## Assignment
The expected response is an exact repetition of every record, with images excluded.

++++ Supplied material ++++

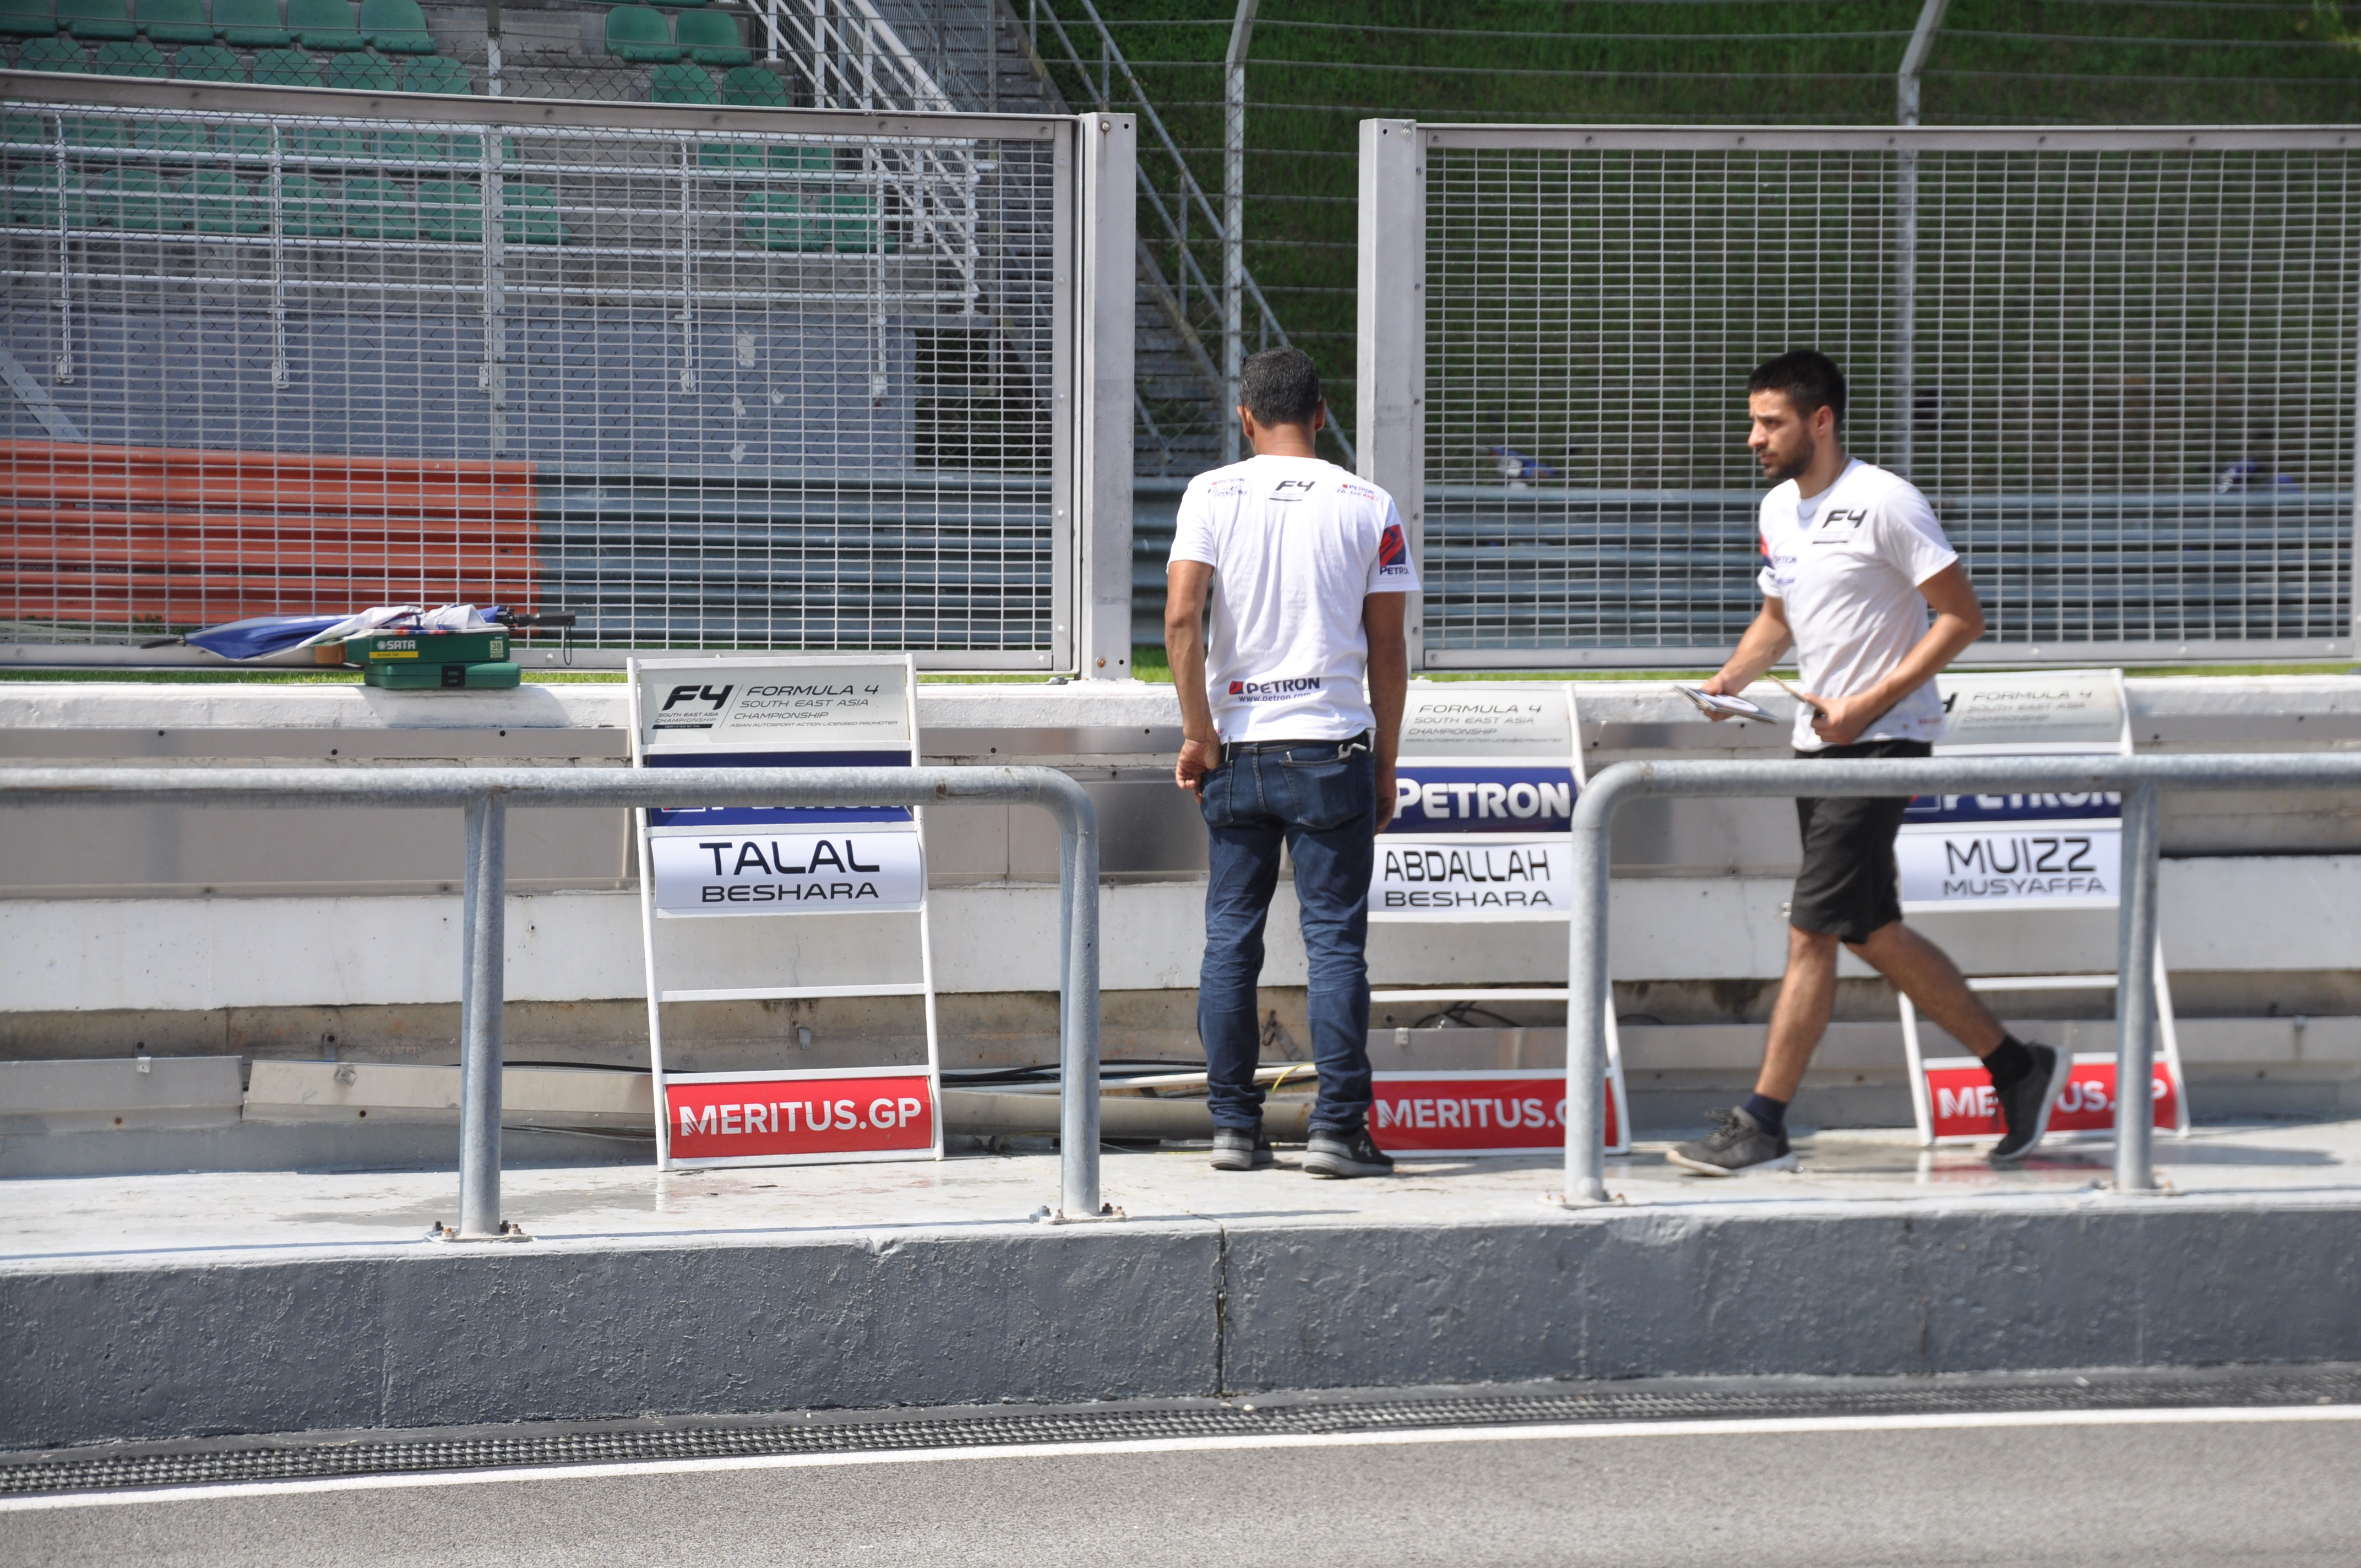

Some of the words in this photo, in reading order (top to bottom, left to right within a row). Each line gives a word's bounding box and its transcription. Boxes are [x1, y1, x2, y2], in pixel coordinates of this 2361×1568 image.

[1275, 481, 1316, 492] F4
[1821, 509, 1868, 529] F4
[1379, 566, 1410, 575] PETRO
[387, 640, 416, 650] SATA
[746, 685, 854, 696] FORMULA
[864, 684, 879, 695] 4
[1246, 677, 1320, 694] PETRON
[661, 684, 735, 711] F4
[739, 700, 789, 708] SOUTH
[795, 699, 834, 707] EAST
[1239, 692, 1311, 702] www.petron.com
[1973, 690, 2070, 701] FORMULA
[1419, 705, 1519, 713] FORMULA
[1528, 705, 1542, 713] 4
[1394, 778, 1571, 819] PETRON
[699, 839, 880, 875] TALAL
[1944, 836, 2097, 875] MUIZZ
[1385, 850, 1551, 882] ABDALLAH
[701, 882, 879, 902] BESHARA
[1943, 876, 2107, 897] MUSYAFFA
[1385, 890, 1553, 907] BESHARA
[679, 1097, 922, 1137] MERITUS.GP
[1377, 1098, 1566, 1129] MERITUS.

++++

## Response area
Some of the words in this photo, in reading order (top to bottom, left to right within a row). Each line gives a word's bounding box and its transcription. Boxes are [x1, y1, x2, y2], in pixel coordinates of this 2361×1568 image.

[1275, 481, 1316, 492] F4
[1821, 509, 1868, 529] F4
[1379, 566, 1410, 575] PETRO
[387, 640, 416, 650] SATA
[746, 685, 854, 696] FORMULA
[864, 684, 879, 695] 4
[1246, 677, 1320, 694] PETRON
[661, 684, 735, 711] F4
[739, 700, 789, 708] SOUTH
[795, 699, 834, 707] EAST
[1239, 692, 1311, 702] www.petron.com
[1973, 690, 2070, 701] FORMULA
[1419, 705, 1519, 713] FORMULA
[1528, 705, 1542, 713] 4
[1394, 778, 1571, 819] PETRON
[699, 839, 880, 875] TALAL
[1944, 836, 2097, 875] MUIZZ
[1385, 850, 1551, 882] ABDALLAH
[701, 882, 879, 902] BESHARA
[1943, 876, 2107, 897] MUSYAFFA
[1385, 890, 1553, 907] BESHARA
[679, 1097, 922, 1137] MERITUS.GP
[1377, 1098, 1566, 1129] MERITUS.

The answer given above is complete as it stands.